+++ Data extract
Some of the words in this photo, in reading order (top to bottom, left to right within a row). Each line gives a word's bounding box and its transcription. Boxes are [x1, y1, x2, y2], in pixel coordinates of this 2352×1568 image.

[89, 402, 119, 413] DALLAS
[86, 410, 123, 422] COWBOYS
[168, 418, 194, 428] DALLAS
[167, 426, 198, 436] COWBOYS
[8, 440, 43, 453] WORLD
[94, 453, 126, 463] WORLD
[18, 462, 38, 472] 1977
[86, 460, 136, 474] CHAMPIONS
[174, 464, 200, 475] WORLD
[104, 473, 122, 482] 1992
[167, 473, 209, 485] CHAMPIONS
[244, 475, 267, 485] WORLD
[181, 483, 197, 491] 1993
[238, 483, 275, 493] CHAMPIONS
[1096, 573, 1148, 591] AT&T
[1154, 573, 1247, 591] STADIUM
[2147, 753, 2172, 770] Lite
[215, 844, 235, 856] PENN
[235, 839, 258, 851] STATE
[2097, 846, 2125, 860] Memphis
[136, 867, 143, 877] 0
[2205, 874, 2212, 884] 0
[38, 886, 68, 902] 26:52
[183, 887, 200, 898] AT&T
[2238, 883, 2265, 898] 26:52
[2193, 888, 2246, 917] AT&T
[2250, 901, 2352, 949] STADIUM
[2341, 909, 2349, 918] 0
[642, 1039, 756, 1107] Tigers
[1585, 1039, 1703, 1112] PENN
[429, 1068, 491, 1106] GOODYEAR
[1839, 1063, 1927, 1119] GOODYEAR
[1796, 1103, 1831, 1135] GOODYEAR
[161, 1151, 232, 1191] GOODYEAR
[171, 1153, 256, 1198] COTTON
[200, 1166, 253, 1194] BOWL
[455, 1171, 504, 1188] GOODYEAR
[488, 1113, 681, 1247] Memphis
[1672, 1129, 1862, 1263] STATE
++++++
**The problem:** Extract the complete set of records unchanged.

**The answer:**
Some of the words in this photo, in reading order (top to bottom, left to right within a row). Each line gives a word's bounding box and its transcription. Boxes are [x1, y1, x2, y2], in pixel coordinates of this 2352×1568 image.

[89, 402, 119, 413] DALLAS
[86, 410, 123, 422] COWBOYS
[168, 418, 194, 428] DALLAS
[167, 426, 198, 436] COWBOYS
[8, 440, 43, 453] WORLD
[94, 453, 126, 463] WORLD
[18, 462, 38, 472] 1977
[86, 460, 136, 474] CHAMPIONS
[174, 464, 200, 475] WORLD
[104, 473, 122, 482] 1992
[167, 473, 209, 485] CHAMPIONS
[244, 475, 267, 485] WORLD
[181, 483, 197, 491] 1993
[238, 483, 275, 493] CHAMPIONS
[1096, 573, 1148, 591] AT&T
[1154, 573, 1247, 591] STADIUM
[2147, 753, 2172, 770] Lite
[215, 844, 235, 856] PENN
[235, 839, 258, 851] STATE
[2097, 846, 2125, 860] Memphis
[136, 867, 143, 877] 0
[2205, 874, 2212, 884] 0
[38, 886, 68, 902] 26:52
[183, 887, 200, 898] AT&T
[2238, 883, 2265, 898] 26:52
[2193, 888, 2246, 917] AT&T
[2250, 901, 2352, 949] STADIUM
[2341, 909, 2349, 918] 0
[642, 1039, 756, 1107] Tigers
[1585, 1039, 1703, 1112] PENN
[429, 1068, 491, 1106] GOODYEAR
[1839, 1063, 1927, 1119] GOODYEAR
[1796, 1103, 1831, 1135] GOODYEAR
[161, 1151, 232, 1191] GOODYEAR
[171, 1153, 256, 1198] COTTON
[200, 1166, 253, 1194] BOWL
[455, 1171, 504, 1188] GOODYEAR
[488, 1113, 681, 1247] Memphis
[1672, 1129, 1862, 1263] STATE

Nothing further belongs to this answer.